• Task to carry out: Print out the entire listing verbatim.

• Data extract:
============
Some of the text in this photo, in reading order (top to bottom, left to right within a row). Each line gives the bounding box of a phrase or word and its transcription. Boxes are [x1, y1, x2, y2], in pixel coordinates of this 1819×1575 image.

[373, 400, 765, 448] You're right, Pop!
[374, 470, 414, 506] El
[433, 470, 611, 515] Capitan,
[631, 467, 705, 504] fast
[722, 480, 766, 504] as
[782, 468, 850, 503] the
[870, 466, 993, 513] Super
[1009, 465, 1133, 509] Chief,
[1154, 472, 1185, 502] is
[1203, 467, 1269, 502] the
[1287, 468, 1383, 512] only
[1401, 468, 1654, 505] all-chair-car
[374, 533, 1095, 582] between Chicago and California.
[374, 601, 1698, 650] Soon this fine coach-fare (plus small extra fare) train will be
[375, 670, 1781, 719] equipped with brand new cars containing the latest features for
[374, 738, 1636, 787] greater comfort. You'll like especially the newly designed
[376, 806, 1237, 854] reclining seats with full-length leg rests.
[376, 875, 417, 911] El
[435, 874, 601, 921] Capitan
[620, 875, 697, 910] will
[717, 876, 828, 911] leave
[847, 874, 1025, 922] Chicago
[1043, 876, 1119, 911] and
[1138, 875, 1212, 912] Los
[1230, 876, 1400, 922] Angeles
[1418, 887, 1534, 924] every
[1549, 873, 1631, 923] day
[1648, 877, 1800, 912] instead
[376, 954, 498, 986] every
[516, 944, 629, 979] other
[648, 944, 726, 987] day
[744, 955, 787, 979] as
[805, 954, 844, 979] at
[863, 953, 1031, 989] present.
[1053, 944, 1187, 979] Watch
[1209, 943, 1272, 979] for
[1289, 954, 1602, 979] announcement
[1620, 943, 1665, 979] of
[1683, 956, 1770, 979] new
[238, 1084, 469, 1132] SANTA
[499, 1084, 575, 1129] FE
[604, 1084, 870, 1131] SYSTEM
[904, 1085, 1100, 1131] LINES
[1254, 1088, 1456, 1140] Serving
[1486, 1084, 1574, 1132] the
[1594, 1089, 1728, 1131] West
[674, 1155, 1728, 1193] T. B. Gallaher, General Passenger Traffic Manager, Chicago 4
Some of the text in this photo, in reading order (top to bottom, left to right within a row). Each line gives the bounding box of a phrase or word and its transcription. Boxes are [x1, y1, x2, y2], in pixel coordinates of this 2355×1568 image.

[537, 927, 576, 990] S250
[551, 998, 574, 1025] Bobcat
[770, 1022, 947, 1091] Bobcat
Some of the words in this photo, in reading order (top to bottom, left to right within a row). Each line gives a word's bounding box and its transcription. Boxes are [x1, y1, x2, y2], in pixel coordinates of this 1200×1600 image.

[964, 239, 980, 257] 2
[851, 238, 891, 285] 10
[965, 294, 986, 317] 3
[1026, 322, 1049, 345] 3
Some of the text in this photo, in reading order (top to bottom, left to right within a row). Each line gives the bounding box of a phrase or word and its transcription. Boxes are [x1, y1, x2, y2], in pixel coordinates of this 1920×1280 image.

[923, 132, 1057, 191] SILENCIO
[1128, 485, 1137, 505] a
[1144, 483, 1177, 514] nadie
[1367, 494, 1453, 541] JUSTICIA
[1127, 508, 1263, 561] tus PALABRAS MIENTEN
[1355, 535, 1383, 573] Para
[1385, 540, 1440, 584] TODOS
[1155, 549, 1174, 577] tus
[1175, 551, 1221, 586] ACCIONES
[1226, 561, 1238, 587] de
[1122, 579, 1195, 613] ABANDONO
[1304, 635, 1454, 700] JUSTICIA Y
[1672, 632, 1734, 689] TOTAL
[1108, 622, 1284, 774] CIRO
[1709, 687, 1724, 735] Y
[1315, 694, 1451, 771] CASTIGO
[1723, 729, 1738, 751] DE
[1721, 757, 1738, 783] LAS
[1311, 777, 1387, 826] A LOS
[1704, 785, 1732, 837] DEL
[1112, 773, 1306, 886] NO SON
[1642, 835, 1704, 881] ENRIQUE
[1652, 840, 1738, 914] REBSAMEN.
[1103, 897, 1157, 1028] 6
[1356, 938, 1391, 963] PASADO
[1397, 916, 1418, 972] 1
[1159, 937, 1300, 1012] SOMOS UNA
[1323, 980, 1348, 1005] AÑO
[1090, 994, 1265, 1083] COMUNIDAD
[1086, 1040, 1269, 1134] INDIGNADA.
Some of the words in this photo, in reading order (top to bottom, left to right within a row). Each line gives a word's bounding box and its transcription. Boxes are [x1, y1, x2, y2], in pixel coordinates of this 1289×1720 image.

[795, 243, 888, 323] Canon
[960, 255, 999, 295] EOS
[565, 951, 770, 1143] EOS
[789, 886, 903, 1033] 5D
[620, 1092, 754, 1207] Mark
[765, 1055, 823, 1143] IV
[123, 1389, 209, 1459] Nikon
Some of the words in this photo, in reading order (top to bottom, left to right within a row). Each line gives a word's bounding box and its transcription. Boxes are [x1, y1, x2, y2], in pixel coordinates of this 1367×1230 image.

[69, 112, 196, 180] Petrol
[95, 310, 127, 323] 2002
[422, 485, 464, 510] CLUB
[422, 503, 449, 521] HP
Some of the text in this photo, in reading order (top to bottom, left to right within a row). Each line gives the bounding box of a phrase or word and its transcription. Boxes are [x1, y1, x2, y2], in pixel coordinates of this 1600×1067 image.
============
• Reply:
Some of the text in this photo, in reading order (top to bottom, left to right within a row). Each line gives the bounding box of a phrase or word and its transcription. Boxes are [x1, y1, x2, y2], in pixel coordinates of this 1819×1575 image.

[373, 400, 765, 448] You're right, Pop!
[374, 470, 414, 506] El
[433, 470, 611, 515] Capitan,
[631, 467, 705, 504] fast
[722, 480, 766, 504] as
[782, 468, 850, 503] the
[870, 466, 993, 513] Super
[1009, 465, 1133, 509] Chief,
[1154, 472, 1185, 502] is
[1203, 467, 1269, 502] the
[1287, 468, 1383, 512] only
[1401, 468, 1654, 505] all-chair-car
[374, 533, 1095, 582] between Chicago and California.
[374, 601, 1698, 650] Soon this fine coach-fare (plus small extra fare) train will be
[375, 670, 1781, 719] equipped with brand new cars containing the latest features for
[374, 738, 1636, 787] greater comfort. You'll like especially the newly designed
[376, 806, 1237, 854] reclining seats with full-length leg rests.
[376, 875, 417, 911] El
[435, 874, 601, 921] Capitan
[620, 875, 697, 910] will
[717, 876, 828, 911] leave
[847, 874, 1025, 922] Chicago
[1043, 876, 1119, 911] and
[1138, 875, 1212, 912] Los
[1230, 876, 1400, 922] Angeles
[1418, 887, 1534, 924] every
[1549, 873, 1631, 923] day
[1648, 877, 1800, 912] instead
[376, 954, 498, 986] every
[516, 944, 629, 979] other
[648, 944, 726, 987] day
[744, 955, 787, 979] as
[805, 954, 844, 979] at
[863, 953, 1031, 989] present.
[1053, 944, 1187, 979] Watch
[1209, 943, 1272, 979] for
[1289, 954, 1602, 979] announcement
[1620, 943, 1665, 979] of
[1683, 956, 1770, 979] new
[238, 1084, 469, 1132] SANTA
[499, 1084, 575, 1129] FE
[604, 1084, 870, 1131] SYSTEM
[904, 1085, 1100, 1131] LINES
[1254, 1088, 1456, 1140] Serving
[1486, 1084, 1574, 1132] the
[1594, 1089, 1728, 1131] West
[674, 1155, 1728, 1193] T. B. Gallaher, General Passenger Traffic Manager, Chicago 4
Some of the text in this photo, in reading order (top to bottom, left to right within a row). Each line gives the bounding box of a phrase or word and its transcription. Boxes are [x1, y1, x2, y2], in pixel coordinates of this 2355×1568 image.

[537, 927, 576, 990] S250
[551, 998, 574, 1025] Bobcat
[770, 1022, 947, 1091] Bobcat
Some of the words in this photo, in reading order (top to bottom, left to right within a row). Each line gives a word's bounding box and its transcription. Boxes are [x1, y1, x2, y2], in pixel coordinates of this 1200×1600 image.

[964, 239, 980, 257] 2
[851, 238, 891, 285] 10
[965, 294, 986, 317] 3
[1026, 322, 1049, 345] 3
Some of the text in this photo, in reading order (top to bottom, left to right within a row). Each line gives the bounding box of a phrase or word and its transcription. Boxes are [x1, y1, x2, y2], in pixel coordinates of this 1920×1280 image.

[923, 132, 1057, 191] SILENCIO
[1128, 485, 1137, 505] a
[1144, 483, 1177, 514] nadie
[1367, 494, 1453, 541] JUSTICIA
[1127, 508, 1263, 561] tus PALABRAS MIENTEN
[1355, 535, 1383, 573] Para
[1385, 540, 1440, 584] TODOS
[1155, 549, 1174, 577] tus
[1175, 551, 1221, 586] ACCIONES
[1226, 561, 1238, 587] de
[1122, 579, 1195, 613] ABANDONO
[1304, 635, 1454, 700] JUSTICIA Y
[1672, 632, 1734, 689] TOTAL
[1108, 622, 1284, 774] CIRO
[1709, 687, 1724, 735] Y
[1315, 694, 1451, 771] CASTIGO
[1723, 729, 1738, 751] DE
[1721, 757, 1738, 783] LAS
[1311, 777, 1387, 826] A LOS
[1704, 785, 1732, 837] DEL
[1112, 773, 1306, 886] NO SON
[1642, 835, 1704, 881] ENRIQUE
[1652, 840, 1738, 914] REBSAMEN.
[1103, 897, 1157, 1028] 6
[1356, 938, 1391, 963] PASADO
[1397, 916, 1418, 972] 1
[1159, 937, 1300, 1012] SOMOS UNA
[1323, 980, 1348, 1005] AÑO
[1090, 994, 1265, 1083] COMUNIDAD
[1086, 1040, 1269, 1134] INDIGNADA.
Some of the words in this photo, in reading order (top to bottom, left to right within a row). Each line gives a word's bounding box and its transcription. Boxes are [x1, y1, x2, y2], in pixel coordinates of this 1289×1720 image.

[795, 243, 888, 323] Canon
[960, 255, 999, 295] EOS
[565, 951, 770, 1143] EOS
[789, 886, 903, 1033] 5D
[620, 1092, 754, 1207] Mark
[765, 1055, 823, 1143] IV
[123, 1389, 209, 1459] Nikon
Some of the words in this photo, in reading order (top to bottom, left to right within a row). Each line gives a word's bounding box and its transcription. Boxes are [x1, y1, x2, y2], in pixel coordinates of this 1367×1230 image.

[69, 112, 196, 180] Petrol
[95, 310, 127, 323] 2002
[422, 485, 464, 510] CLUB
[422, 503, 449, 521] HP
Some of the text in this photo, in reading order (top to bottom, left to right within a row). Each line gives the bounding box of a phrase or word and its transcription. Boxes are [x1, y1, x2, y2], in pixel coordinates of this 1600×1067 image.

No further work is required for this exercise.